The patella ligaments of both knees were removed 12 weeks after the implantation operation. The thickness of the central part of the repaired tissue seen in the part where the tendon was excised was 2.1 mm on the right knee transplanted with the fibrin molded body on average and 1.5 mm on average on the left knee. Using a Shimadzu mechanical tensile tester EZ-TEST, a rupture strength test of the patella tendon taken out at a crosshead speed of 10 mm / min was performed. The rupture strength of the right patellar ligament grafted with the fibrin molded body was stronger.

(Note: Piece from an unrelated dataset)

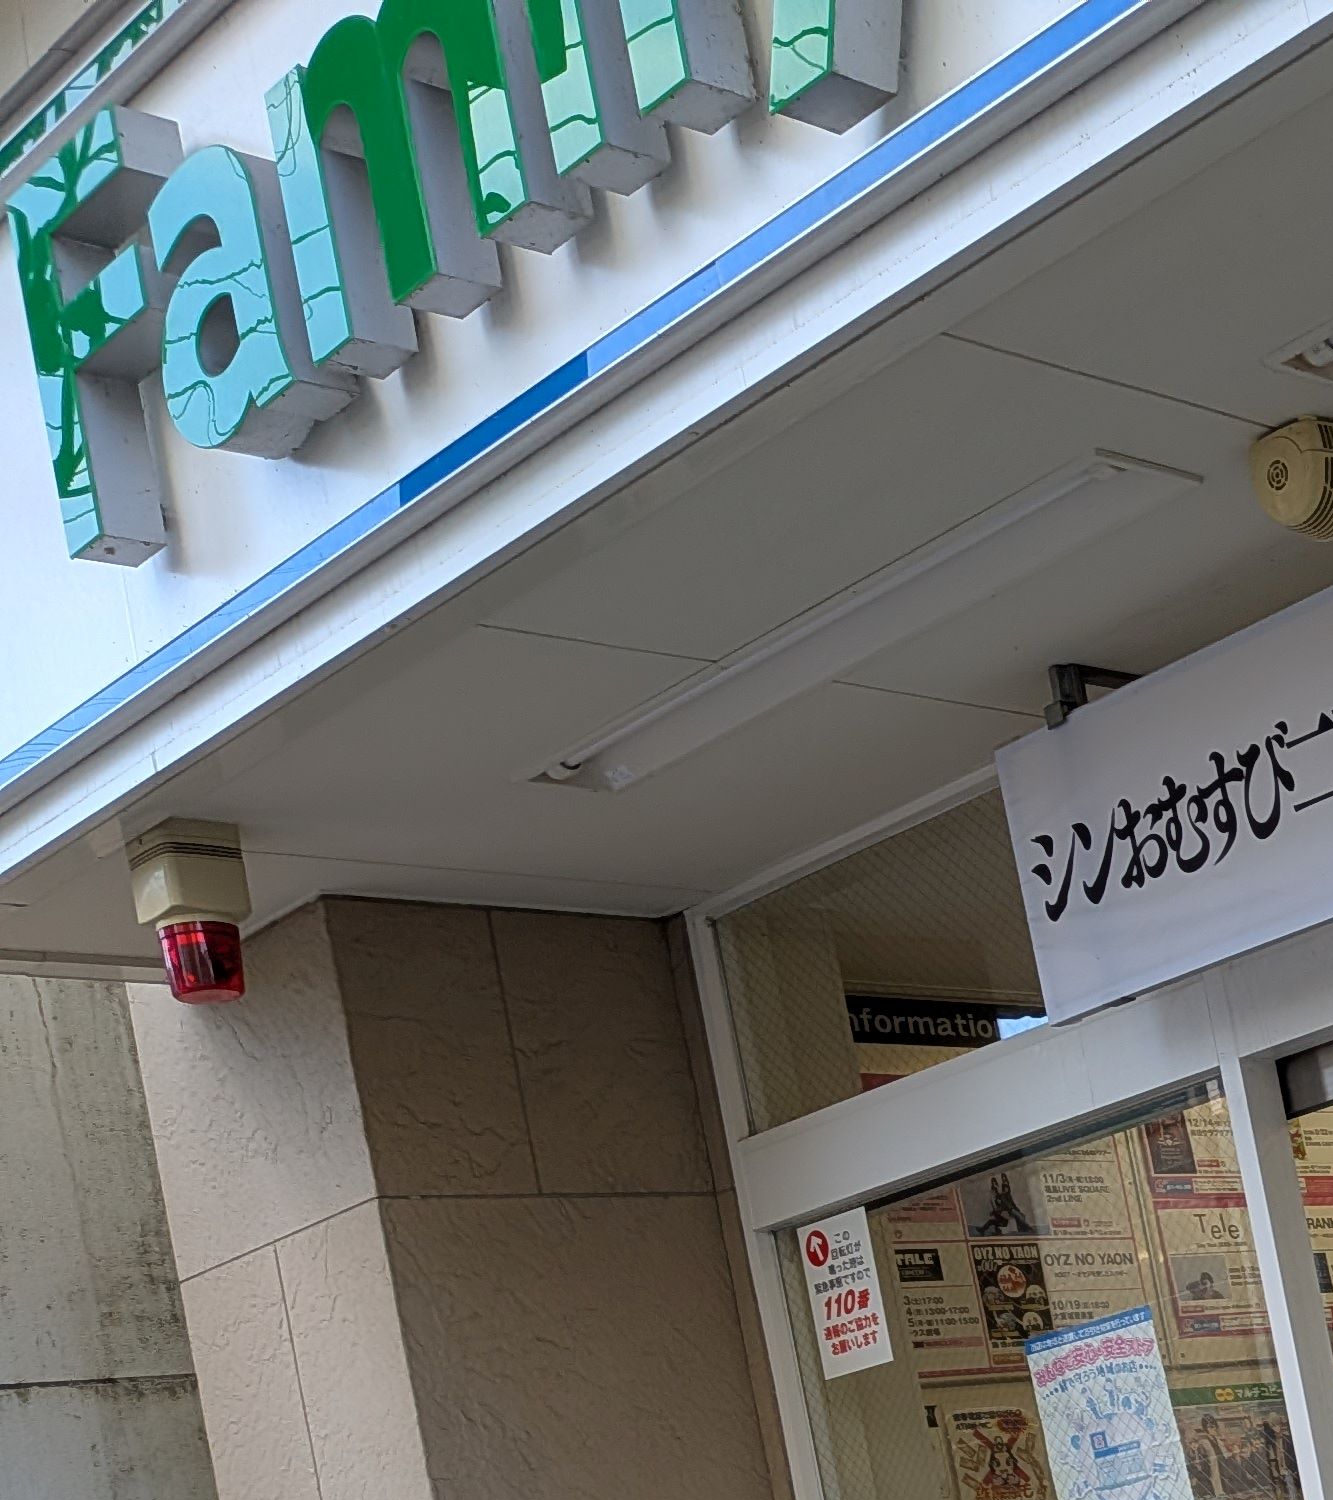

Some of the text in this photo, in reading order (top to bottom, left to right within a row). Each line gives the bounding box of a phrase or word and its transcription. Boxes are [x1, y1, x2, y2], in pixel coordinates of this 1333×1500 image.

It is a figure which shows the state which added the suspension liquid to the tube. It is a figure which shows the state which gelatinized after stationary. It is a figure which shows the taken-out fibrin molded object. It is a figure which shows the fibrin molded object after a pressurization. It is a figure which shows the state 8 weeks after a transplant. It is a figure which shows the HE stained tissue (left) and Sirius red staining (right) 8 weeks after transplantation. It is a figure which shows the HE dyeing | staining structure | tissue 3 weeks after a transplant.

Claims (5)

High-strength fibrin molding obtained by allowing a suspension containing plasma components, platelets and calcium ions concentrated 2-3 times to stand for 3 to 24 hours to solidify and then wash the resulting molded body In the solidification stage, the suspension contains platelets in an amount equivalent to 5 times the amount of blood used as a plasma raw material, from 1/10 the normal platelet concentration to the platelets. The final concentration of calcium ions is 20 to 30 mM , and the washing is performed with an aqueous solution containing 10 to 30 mM calcium ions while applying a load of 1.3 to 3.3 kPa to the obtained molded body. High strength fibrin molded body.   The high-strength fibrin molded article according to claim 1, wherein the standing is performed at 4 to 40 ° C.   The high-strength fibrin molded body according to claim 1 or 2, wherein solidification molding by standing is performed by solidifying in a predetermined container.   The high-strength fibrin molded article according to any one of claims 1 to 3, which has a breaking strength of 0.5 MPa or more.   An artificial ligament containing the high-strength fibrin molded article according to any one of claims 1 to 4.